It is a further object of the present invention to provide an
method and apparatus that includes measurements required to
calibrate for various sensor elements.
It is still another object of the present invention to provide an
method and apparatus whereby measurement of rotational movement and
whirling behavior of a drill string can be used for optimally
controlling the speed and operation of the drill string.
These and other objects and advantages of the present invention
will become apparent from a reading of the attached specification
and appended claims.
SUMMARY OF THE INVENTION
The present invention is an apparatus for use in determining
drilling conditions in a borehole in the earth that comprises a
drill string, a drill bit connected to an end of the drill string,
a measurement means positioned in a cross-section of the drill
string axially spaced from the drill bit, and processing means
interactive with the measurement means so as to produce a humanly
perceivable indication of a whirling and rotating motion of the
drill string. The measurement means is suitable for kinematic
measurements and force resultant measurements of the drill string.
The processing means serves to determine an instantaneous rotating
speed and an instantaneous position of a center of the drill
string. The measurement means, in one embodiment, comprises a
plurality of accelerometers positioned at the cross-section.
Alternatively, the measurement means can includes a plurality of
orthogonally-oriented triplets of magnetometers. Still further, the
measurement means also includes no less than three
distance-infering sensors having a source and a receiver at each
location of the sensor. Specifically, four of the distance-infering
sensors are placed ninety degrees apart from one another at a
circumference at the cross-section. Each of these sensors has a
different carrier frequency. A second measurement means can be
positioned on the drill string in spaced relation to the first
measurement means along the drill string. The second measurement
means is interactive with the first measurement means so as to
infer a tilting of an axis of the drill string. A plurality of
strain gage rosettes can be positioned at the cross-section of the
drill string at generally equal intervals from each other. Not less
than three strain gage rosettes are employed on the drill
string.
The measurement means is positioned on a collar on the drill string
at a single cross-section of the drill string. The kinematic
measurements are distance, orientation, velocity, and acceleration
of the drill string. The force resultant measurements are two-axes
bending moments, two-axes shear forces, axial load, and torsion
moment. The processing means serves to analyze the kinematic
measurements and the force resultant measurements so as to
determine a whirling motion and the dynamic behavior of the drill
string.
The method of the present invention serves to measure and control
the drilling of a borehole in the earth. This method includes the
steps of (1) positioning a first plurality of sensors at a
cross-section of the drill string axially spaced from the drill
bit; (2) measuring an instantaneous rotating speed of the drill
string with the sensors; (3) measuring an instantaneous position of
a center of the drill string with the sensors; and (4) processing
the instantaneous rotating speed and the instantaneous position so
as to indicate a rotating motion of the cross-section of the drill
string.
The step of positioning includes placing at least two
accelerometers at diametrically opposite ends of the cross-section.

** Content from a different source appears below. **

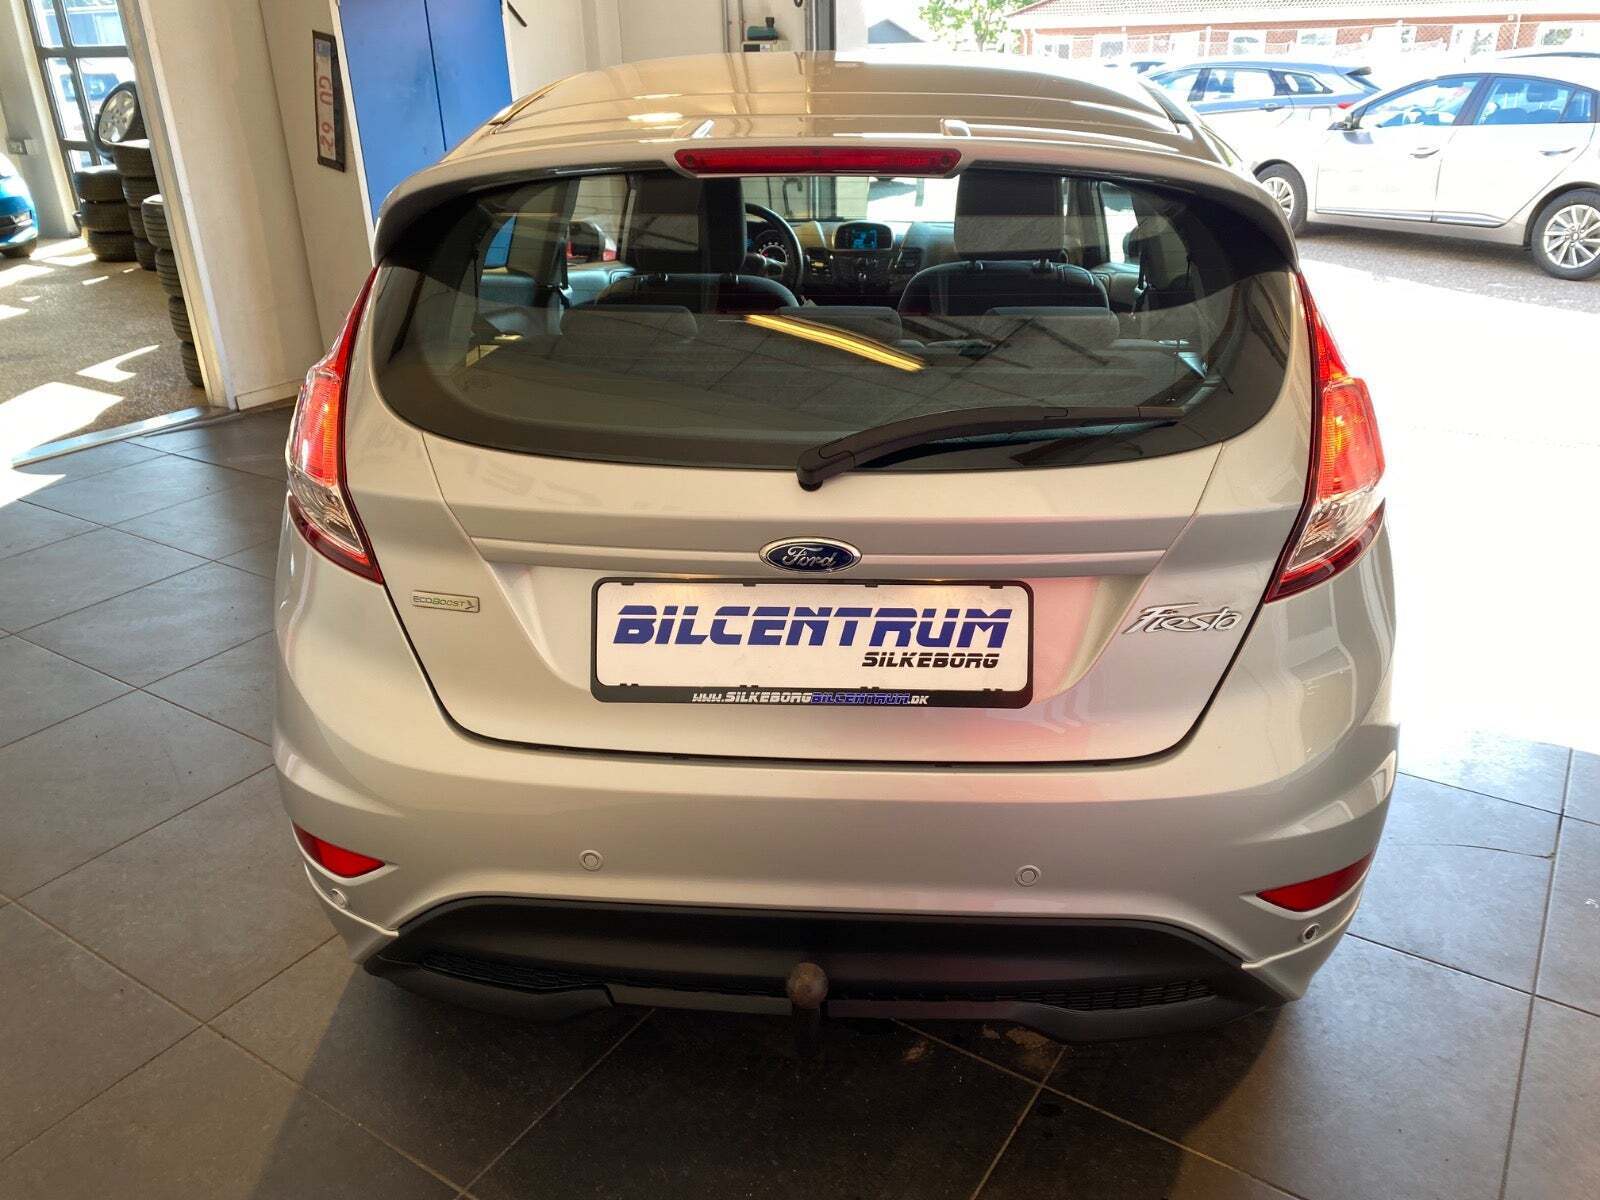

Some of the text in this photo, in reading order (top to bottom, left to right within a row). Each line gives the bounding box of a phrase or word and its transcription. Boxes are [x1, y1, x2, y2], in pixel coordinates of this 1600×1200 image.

[782, 545, 837, 567] Ford
[613, 604, 1012, 649] BILCENTRUM
[1121, 601, 1242, 634] Fiesta
[861, 651, 1000, 669] SILKEBORG

The accelerometers serve to measure a rotating speed of the drill
string. The step of positioning also includes placing four
distance-infering sensors at equal intervals around a circumference
of the cross-section, and setting each of the distance-infering
sensors to a different carrier frequency. A cross-coupling effect
can be determined between the distance-infering sensors on the
drill string.
The method of the present invention further includes the steps of:
(1) positioning another plurality of sensors at another
cross-section of the drill string axially spaced from the first
plurality of sensors; and (2) processing another instantaneous
rotating speed and another instantaneous position of a center of
the drill string at the other cross-section so as to determine a
tilting of an axis of the drill string,
BRIEF DESCRIPTION OF THE DRAWINGS
FIG. 1 is a diagrammatic representation of a well being drilled and
controlled in accordance with the teachings of the present
invention.
FIG. 2 is a diagrammatic representation of the interior of a
borehole showing the whirling motion of a drill string
therewithin.
FIG. 3 is a diagrammatic representation of a downhole assembly
incorporating the teachings of the present invention.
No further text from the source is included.